If you had to express it in the body, then the plasticity of the body, the harmony of the body, or if it is in dance, in the harmonisation of different parts and their movements, would be an aspect to be able to capture the harmony of that truth.
If it is in state of consciousness, then within you, there has to be total integration, so that there are no two parts which are in conflict or contradiction, separate. Integrated. Sincerity would be the other side of it. Total integration, in which a single truth without fracturing can express in many different facets. So you see how the principle, going back to the origin, requires you to prepare these external instruments.
So if mind is the vehicle for expression through thought and speech, the life-energies in power and aspects of power and emotion, and the body in beauty and harmony, and the soul as a vehicle of love, which holds all this together and transmits all this in this fourfold transmission. So all these four parts need to be fully developed, and made plastic, and integrated, and capable of truth expression.
(0:40:12):
So in the bulk of the question we still come back to the mind, thought and speech aspect, but you see how this has to apply in every way in all these aspects. But centrally since we we are first and foremost mental beings, the clarity of mind and making the mind a transparent vehicle for a greater truth would make it easier for that truth then to be able to express itself in all these other parts, which are less conscious, but upon which the mind can impress itself more easily. So the mind becomes like a linkpoint, opening upward to the higher truth and turning downward to be able to express it, but itself as an intermediary must be made a fit vehicle for the truth.

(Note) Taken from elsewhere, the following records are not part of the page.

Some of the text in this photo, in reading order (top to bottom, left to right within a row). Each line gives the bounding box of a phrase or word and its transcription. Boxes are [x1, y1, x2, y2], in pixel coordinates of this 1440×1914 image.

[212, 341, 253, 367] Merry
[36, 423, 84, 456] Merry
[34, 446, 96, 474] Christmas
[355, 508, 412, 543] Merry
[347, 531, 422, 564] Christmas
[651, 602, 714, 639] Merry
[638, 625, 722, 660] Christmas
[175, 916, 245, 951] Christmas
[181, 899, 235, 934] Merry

Now if you look at this little booklet of the Mother called The Four Austerities and The Four Liberations”, you will find there's a whole chapter on the yoga, the tapasya of Knowledge, and one of the things there she says is, unless you speak the truth all the time, how do you expect to become an instrument for the divine truth? Isn't it?

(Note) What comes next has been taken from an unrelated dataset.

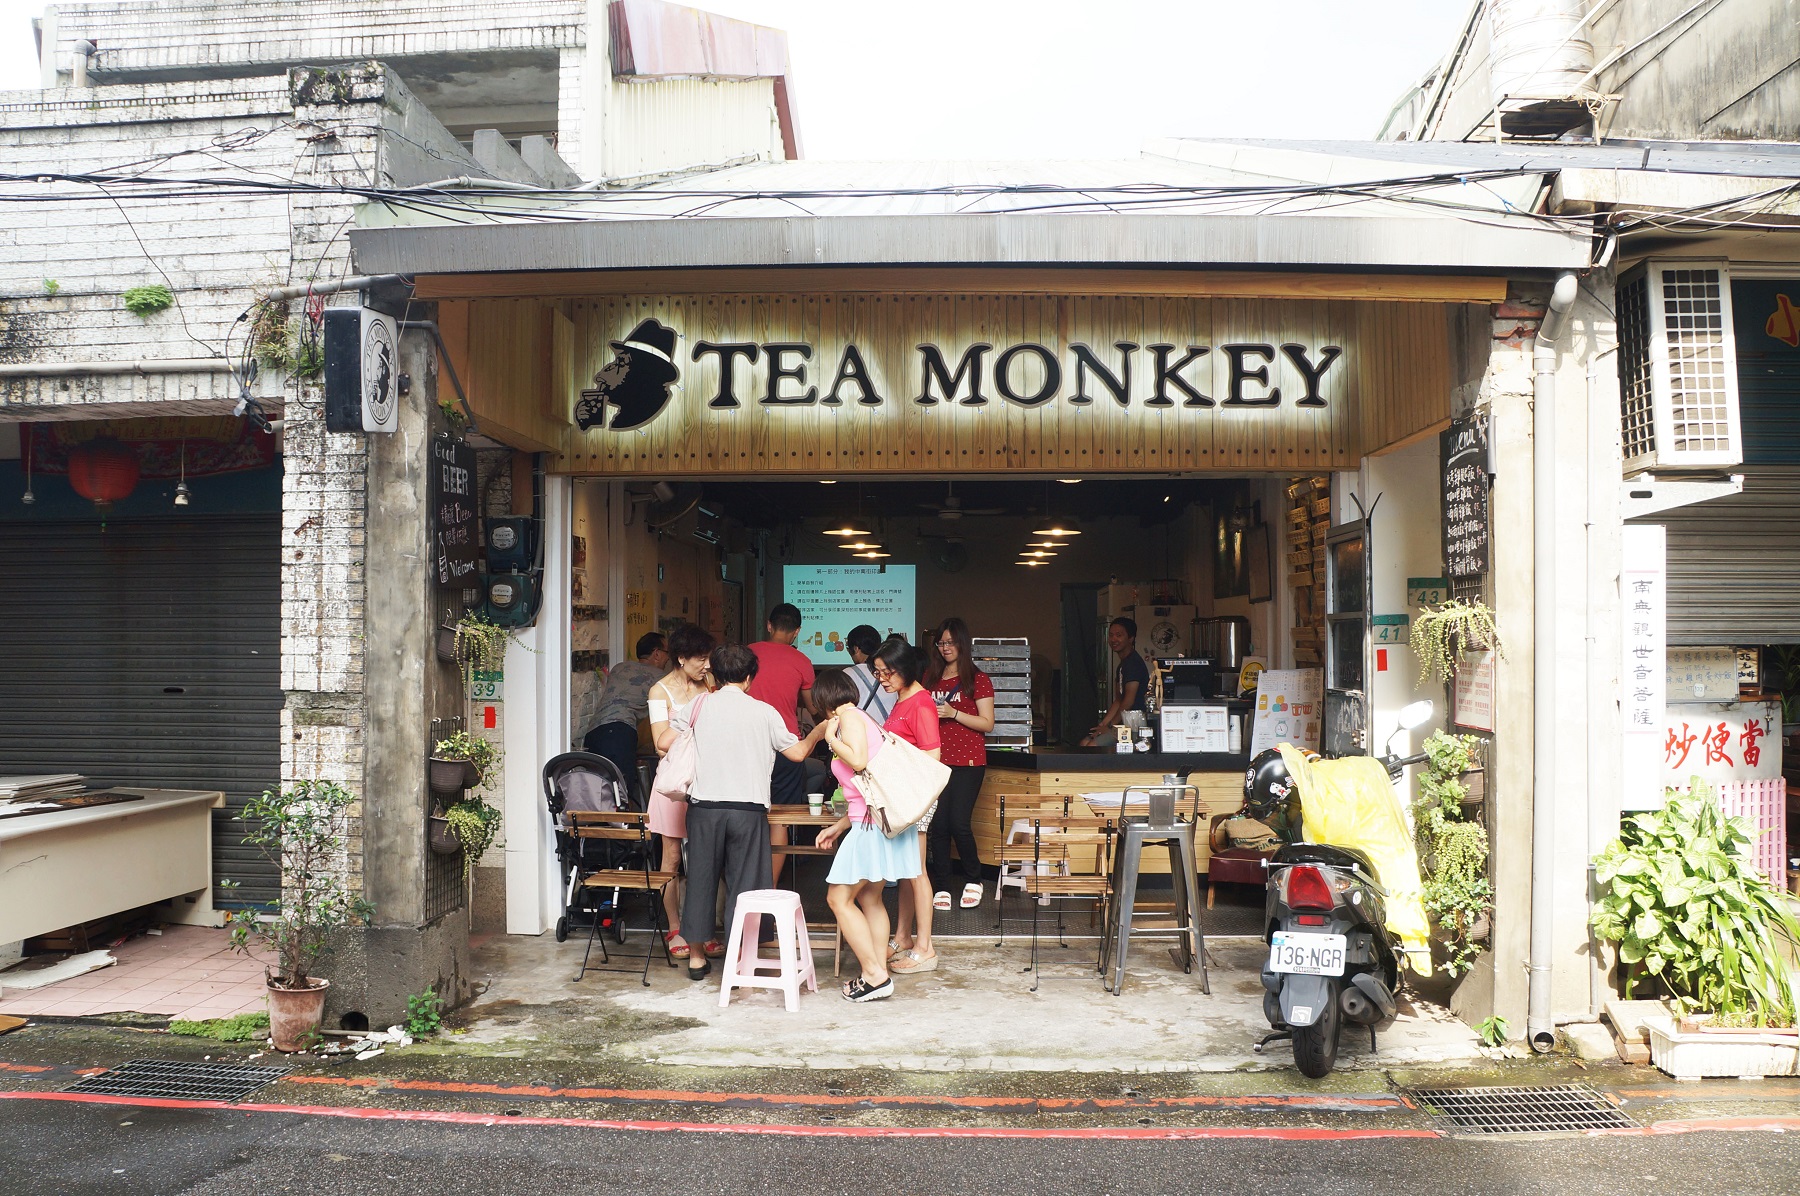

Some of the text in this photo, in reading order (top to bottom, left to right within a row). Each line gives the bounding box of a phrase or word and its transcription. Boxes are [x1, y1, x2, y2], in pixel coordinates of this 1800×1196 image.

So speech, as truth speech, or at least true in a very moral, ethical, factual level, would be like a very first preliminary training for it. Now it does not mean you have to spill every, the beans and speak all your secrets. You can certainly couch your speech. But the point is the precision of articulation, behind that the clarity of thought, unmixed by clouding of emotions, preferences, desires, fears and hopes, which typically cloud, distort the knowledge to be able to speak clearly with precision.
Very often you see in sentimental-emotional talk, there is a blurring of thought because the emotions want to fit it into a certain feel. So you are in a certain relationship with X, you express yourself in a certain way, you now meet Y and there is a different base of emotional relationship, the same thing now takes a completely different form. And then when X and Y meet, they find the communication was totally different. It's very common. And that's because there has not been a clear transmission. It has been clouded by the state of emotions and further distorted by the expectations, desires, perhaps to please, to hide from fear, whatever it is.

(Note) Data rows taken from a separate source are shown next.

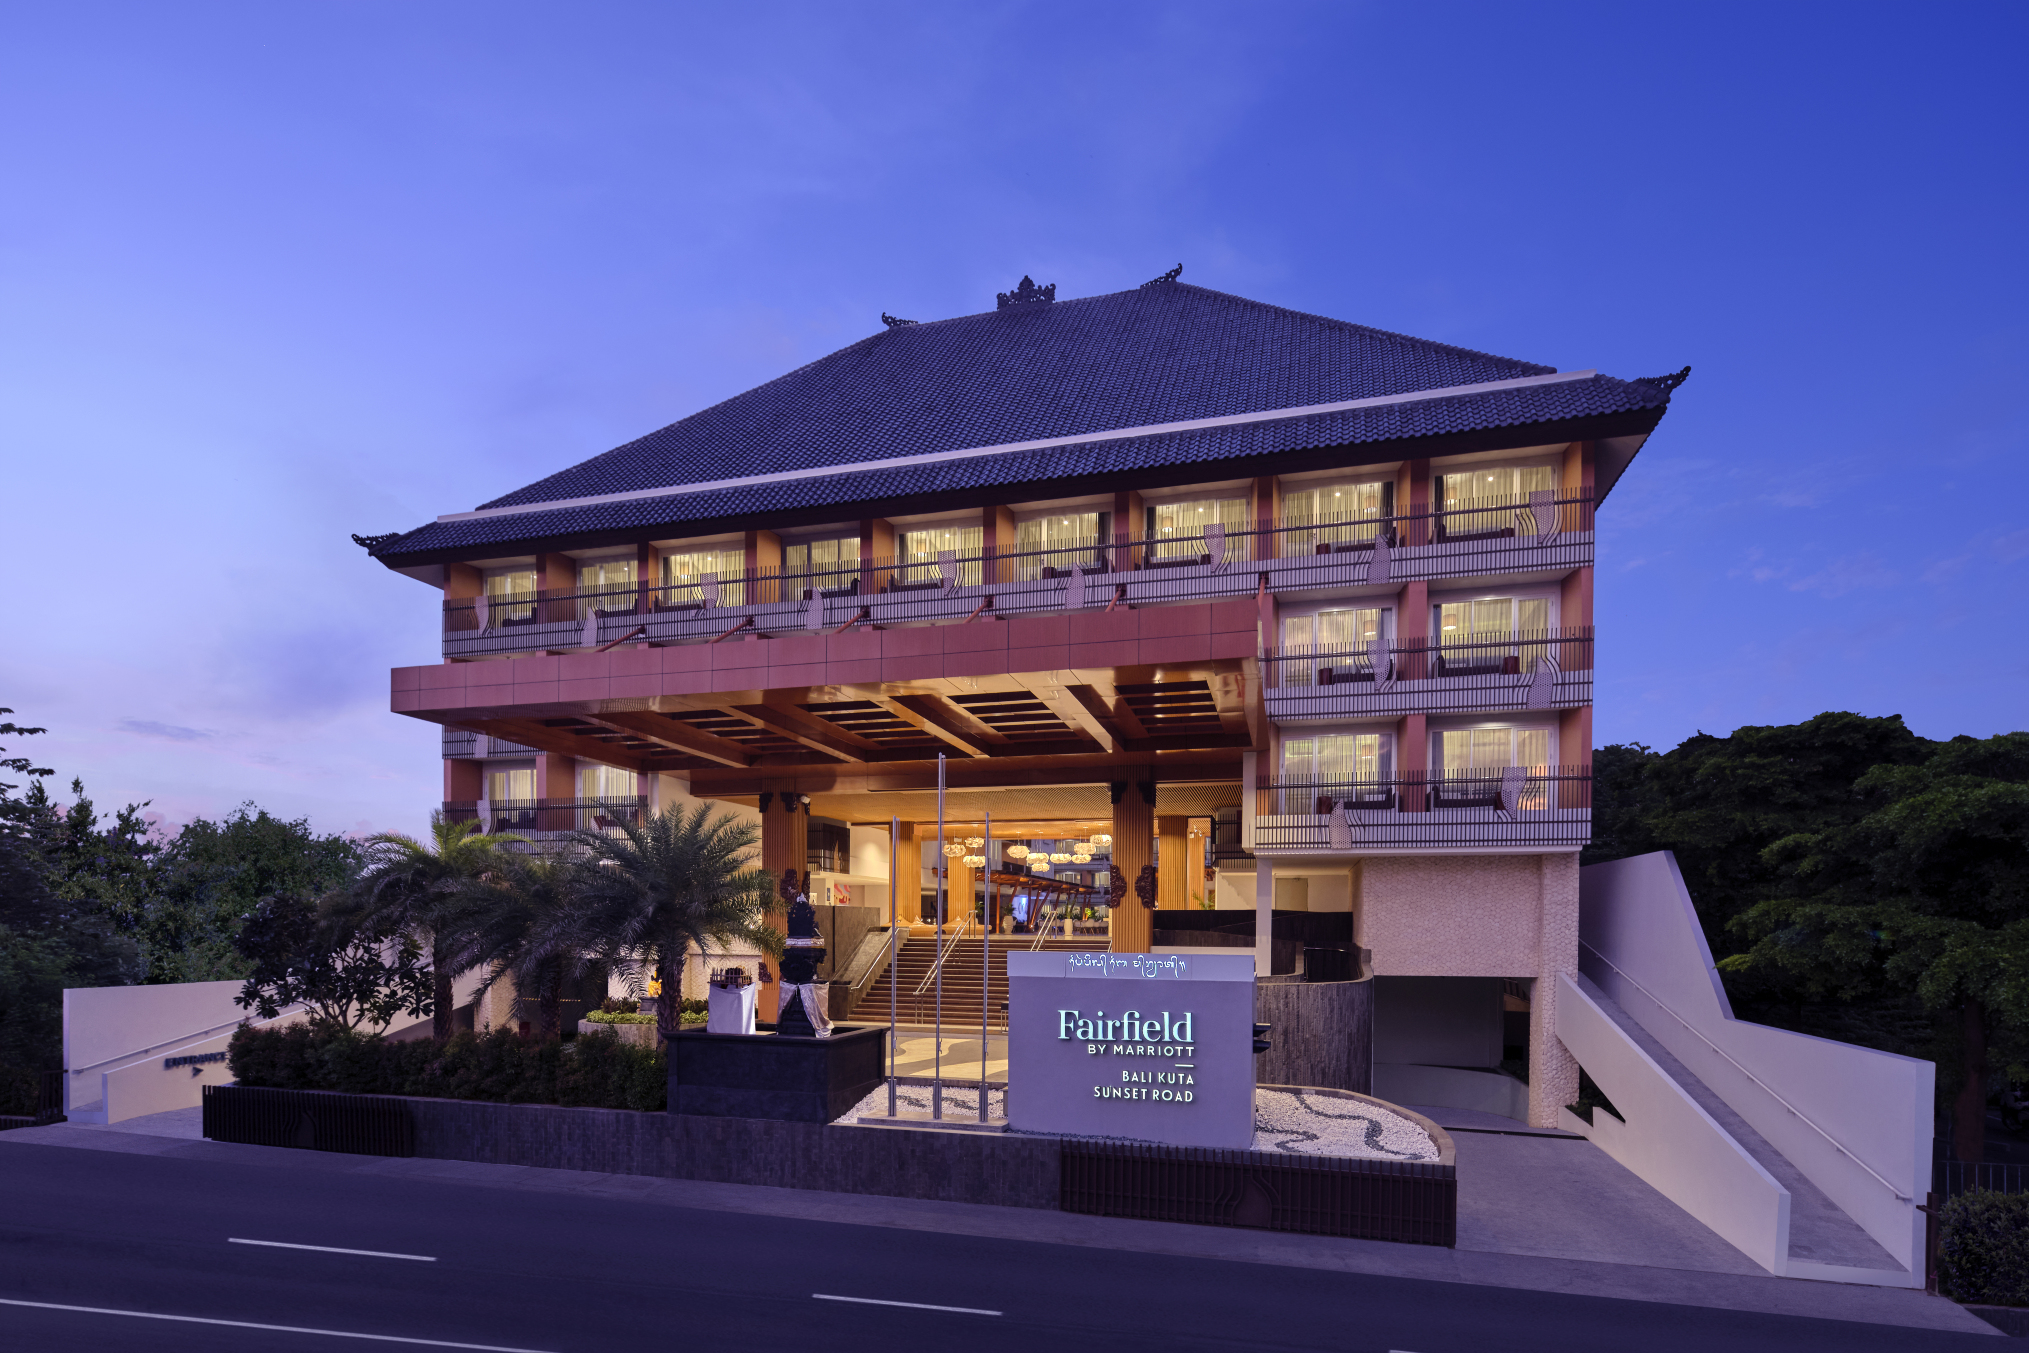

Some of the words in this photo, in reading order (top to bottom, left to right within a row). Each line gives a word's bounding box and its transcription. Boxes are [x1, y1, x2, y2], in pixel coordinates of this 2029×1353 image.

[1058, 1009, 1194, 1043] Fairfield
[1088, 1044, 1107, 1055] BY
[1113, 1044, 1195, 1057] MARRIOTT
[1122, 1070, 1152, 1083] BALI
[1158, 1071, 1194, 1085] KUTA
[1094, 1085, 1148, 1100] SUNSET
[1153, 1089, 1193, 1103] ROAD

So the clarity and precision of truth would be an important aspect to the conceptual chain. The intuitive would of course give it a gratefulness. But none of these are required to be able to hold interest. But all of these would make for the interest to be much more real, much more deep.
There's another factor which is the charismatic aspect, which is what I refer to in the politicians that they can hold people and keep them swaying to their will and whims, with their speech, with their power. And this charisma is primarily of a vital character, but it can come through speech. And quite a number of those who pass as great orators are really utilising a kind of a charisma and very little in the clarity of thought.
When that is there, that has its own kind of charisma, when there is a clarity of thought or flashes of the intuitive insights which come, wow, that is far greater, but it doesn't have the vital hold of charisma.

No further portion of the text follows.